Records provided >>

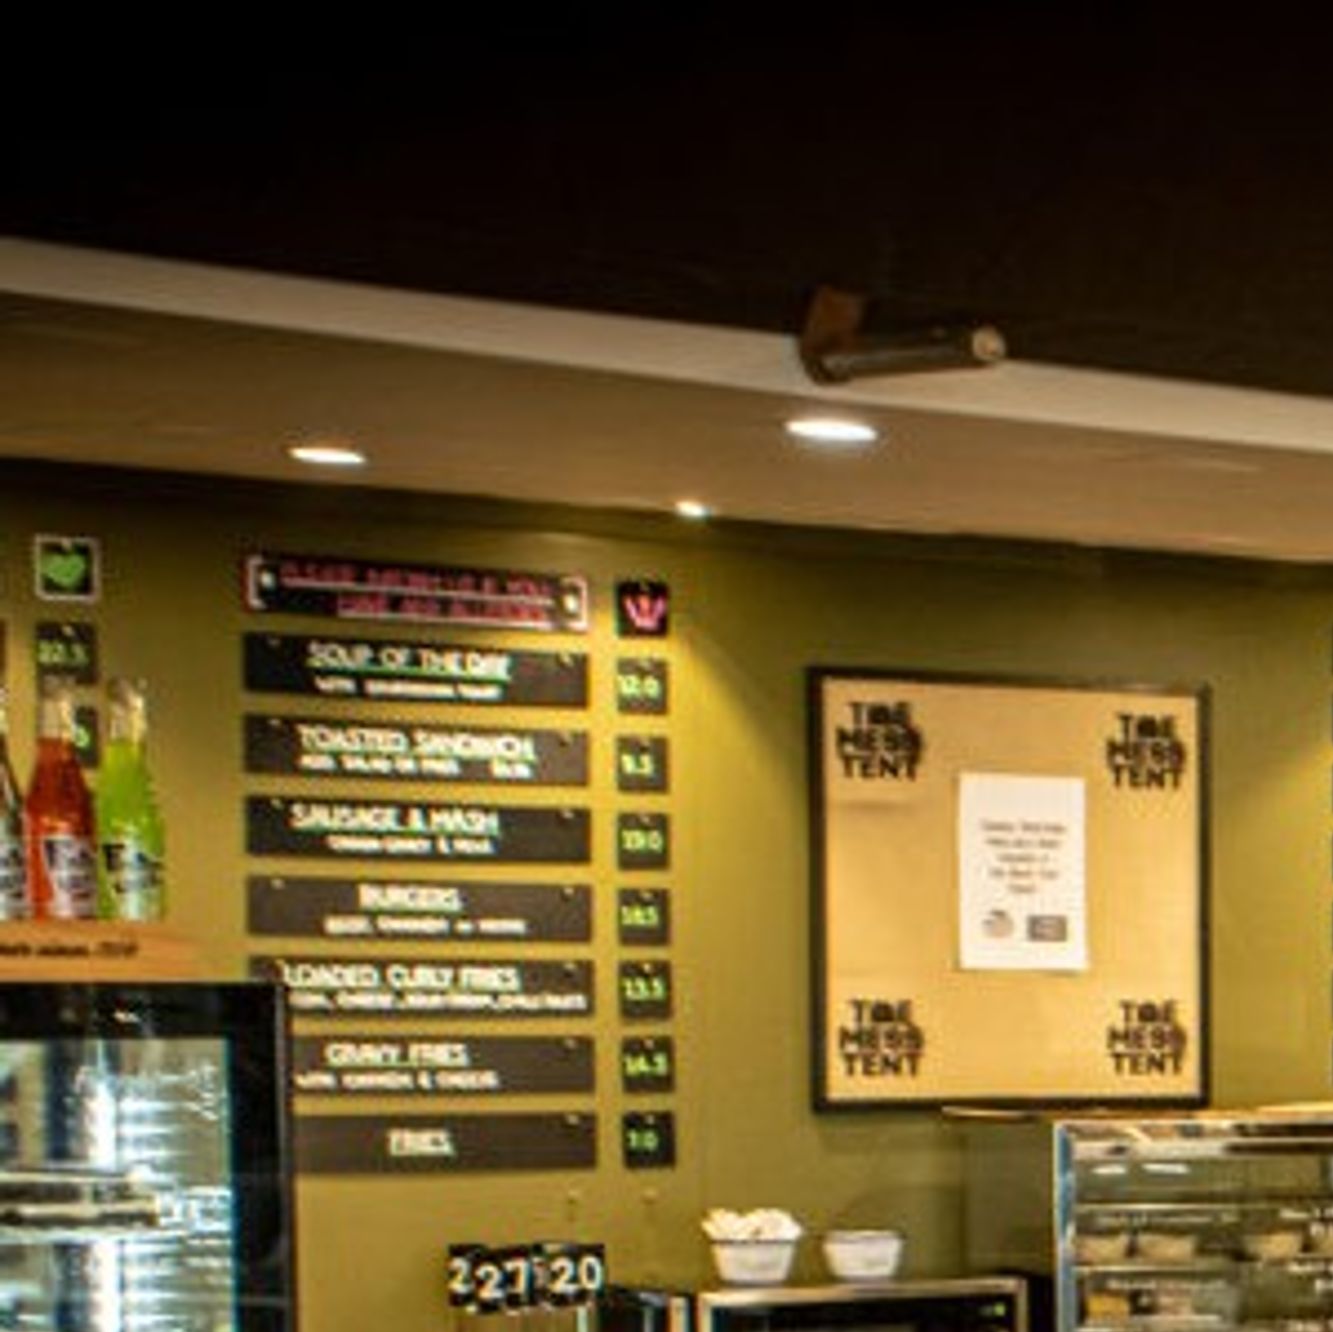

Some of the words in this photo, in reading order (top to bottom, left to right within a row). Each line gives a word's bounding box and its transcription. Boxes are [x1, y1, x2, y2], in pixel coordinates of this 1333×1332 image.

[306, 641, 372, 668] SOUP
[379, 646, 410, 669] OF
[296, 724, 409, 752] TOASTED
[842, 752, 918, 782] TENT
[1112, 762, 1183, 790] TENT
[289, 803, 398, 831] SAUSAGE
[430, 808, 498, 835] MASH
[358, 883, 463, 912] BURGERS
[282, 963, 380, 987] LOADED
[386, 963, 453, 989] CURLY
[459, 966, 523, 992] FRIES
[326, 1043, 400, 1067] GRAVY
[408, 1043, 471, 1067] FRIES
[844, 1050, 921, 1077] TENT
[1111, 1051, 1184, 1076] TENT
[388, 1128, 455, 1157] FRIES
[551, 1255, 603, 1295] 20

What the task requires >> Everything in the preceding material must be transcribed exactly, except the images.

Task response >>
Some of the words in this photo, in reading order (top to bottom, left to right within a row). Each line gives a word's bounding box and its transcription. Boxes are [x1, y1, x2, y2], in pixel coordinates of this 1333×1332 image.

[306, 641, 372, 668] SOUP
[379, 646, 410, 669] OF
[296, 724, 409, 752] TOASTED
[842, 752, 918, 782] TENT
[1112, 762, 1183, 790] TENT
[289, 803, 398, 831] SAUSAGE
[430, 808, 498, 835] MASH
[358, 883, 463, 912] BURGERS
[282, 963, 380, 987] LOADED
[386, 963, 453, 989] CURLY
[459, 966, 523, 992] FRIES
[326, 1043, 400, 1067] GRAVY
[408, 1043, 471, 1067] FRIES
[844, 1050, 921, 1077] TENT
[1111, 1051, 1184, 1076] TENT
[388, 1128, 455, 1157] FRIES
[551, 1255, 603, 1295] 20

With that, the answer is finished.